This set piece is the most impressive example of the Rome, Open City's pioneering
use of actual locations, although for all its neorealist reputation, some parts of the
film are surprisingly studio-based and even a little stylised, particularly the scenes
involving the main SS officer and his female sidekick. Nevertheless their camp villainy
softens us up for the horror of the scene in which one of their female informants realises
the horror of what she has done, when she sees the resistance leader she has betrayed
strapped to a chair in the interrogation cell. He is covered in burns and bloody wounds,
and nearby lie blowtorches and pliers.

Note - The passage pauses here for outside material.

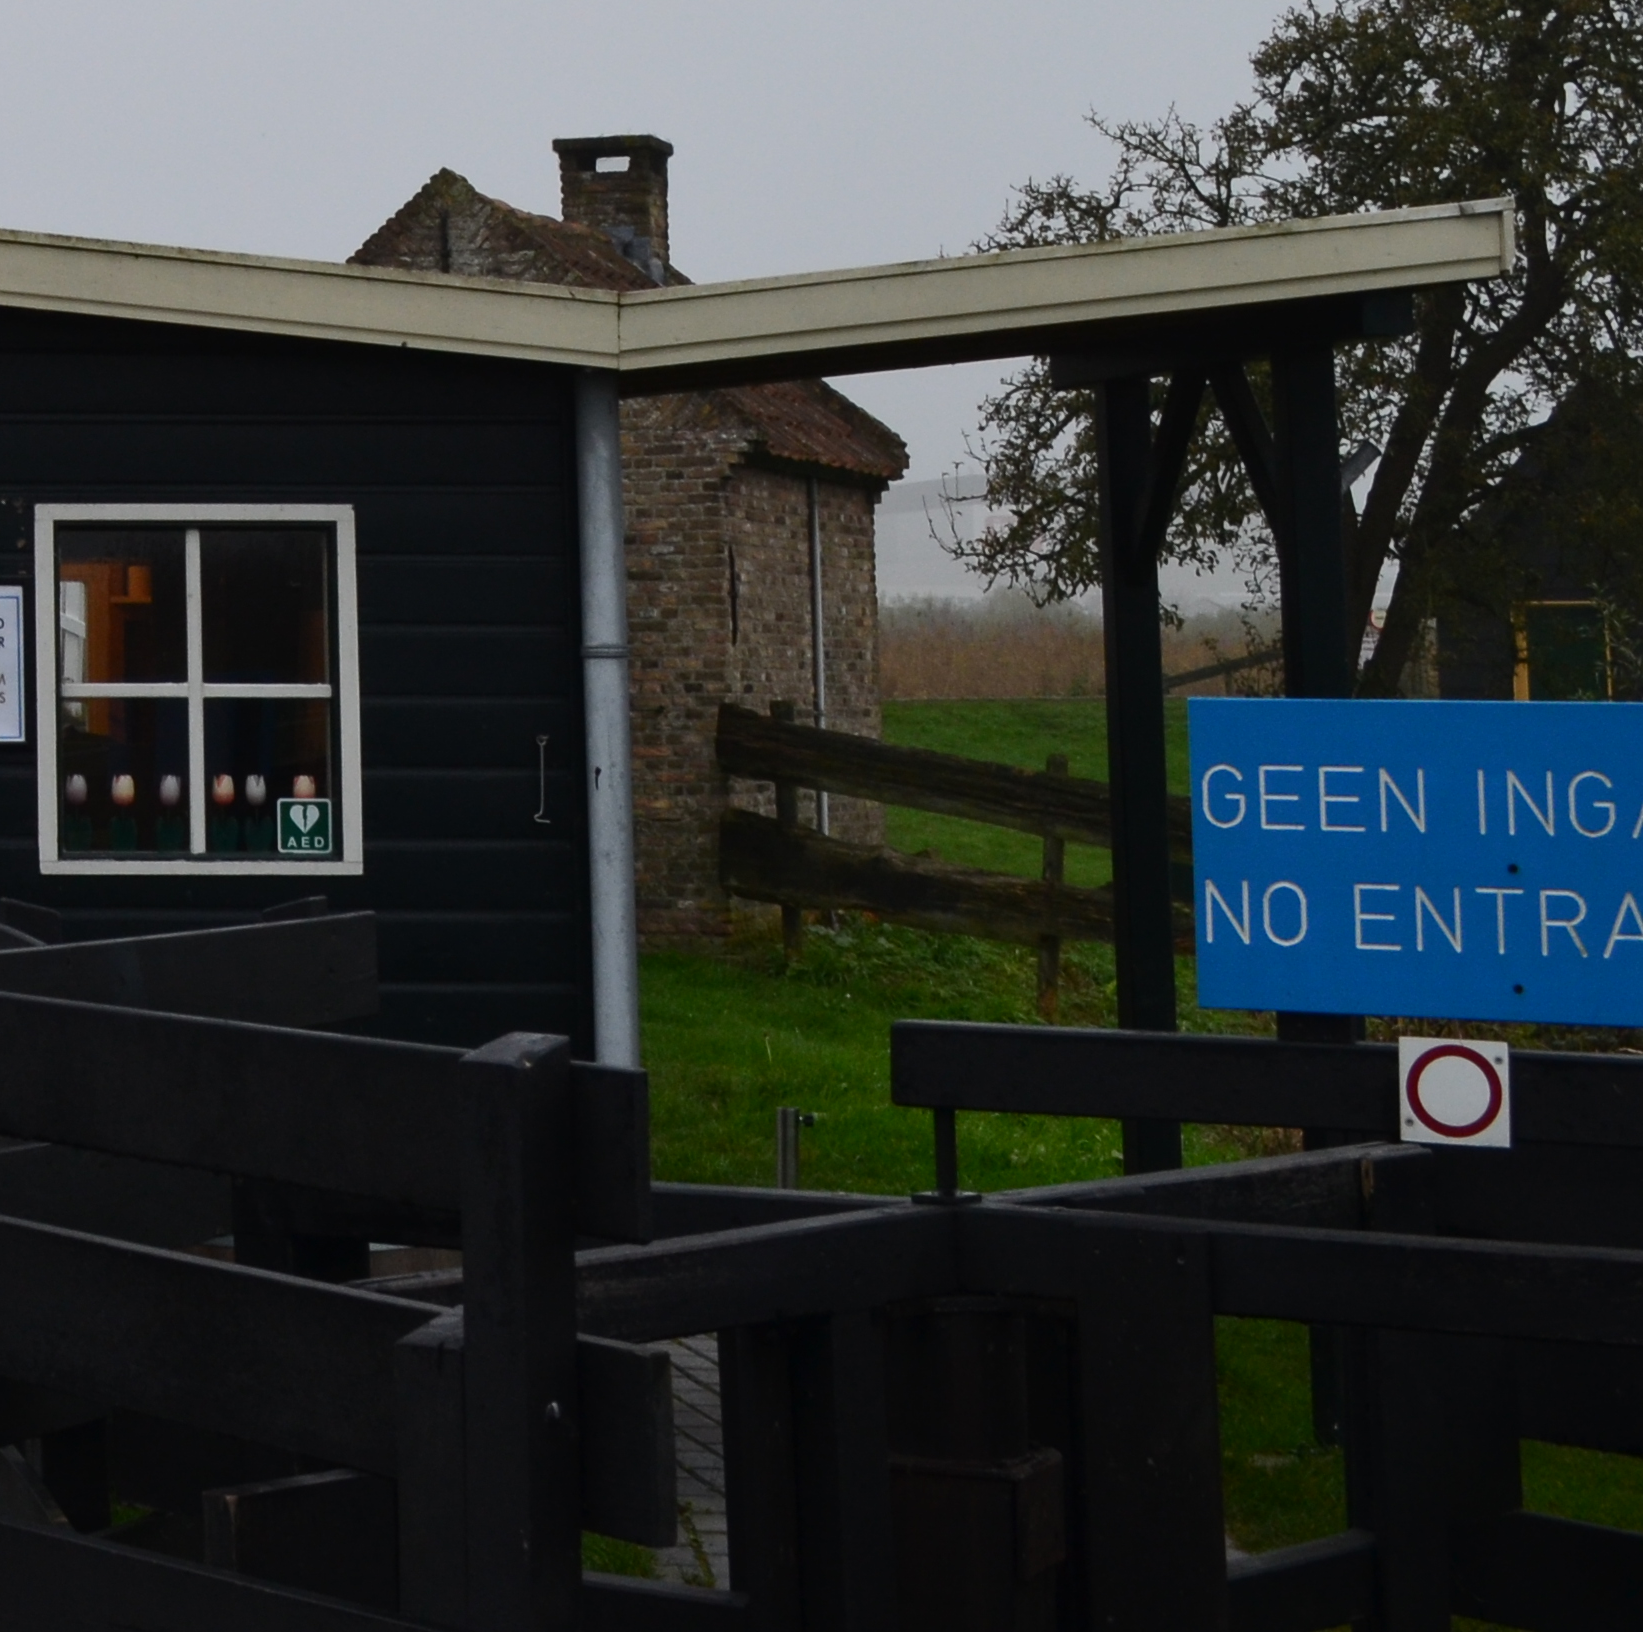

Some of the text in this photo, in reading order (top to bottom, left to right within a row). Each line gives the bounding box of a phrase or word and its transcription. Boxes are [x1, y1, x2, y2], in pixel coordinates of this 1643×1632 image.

Rome, Open City certainly doesn't pull its
punches, foreshadowing a later resistance-based drama documentary, co-directed by an
Italian, The Battle
Of Algiers (1966).
The accompanying featurette conveys the sense of life and art blurring into one in the
making of the film. One anecdote describes the filming of a sequence in which some Partisans
are walking down the street next to a tramline, when a convoy of cars pull up and out
jump the Gestapo to arrest them. There was a tram passing at the time, and the passengers
who saw the action nearly stopped the vehicle to try and intervene on the prisoners'
behalf. That was how immediate the whole situation was. The featurette follows Marcello
Pagliero, now an old man, as he revisits the locations where the film was shot, and
interviews long-term residents about the recollections of the shoot. In one particularly
touching sequence, he is reunited with one of the extras, another old man who was also
a child actor: it was he who placed a hand of consolation on Marcello's shoulder in the
final shot of the film.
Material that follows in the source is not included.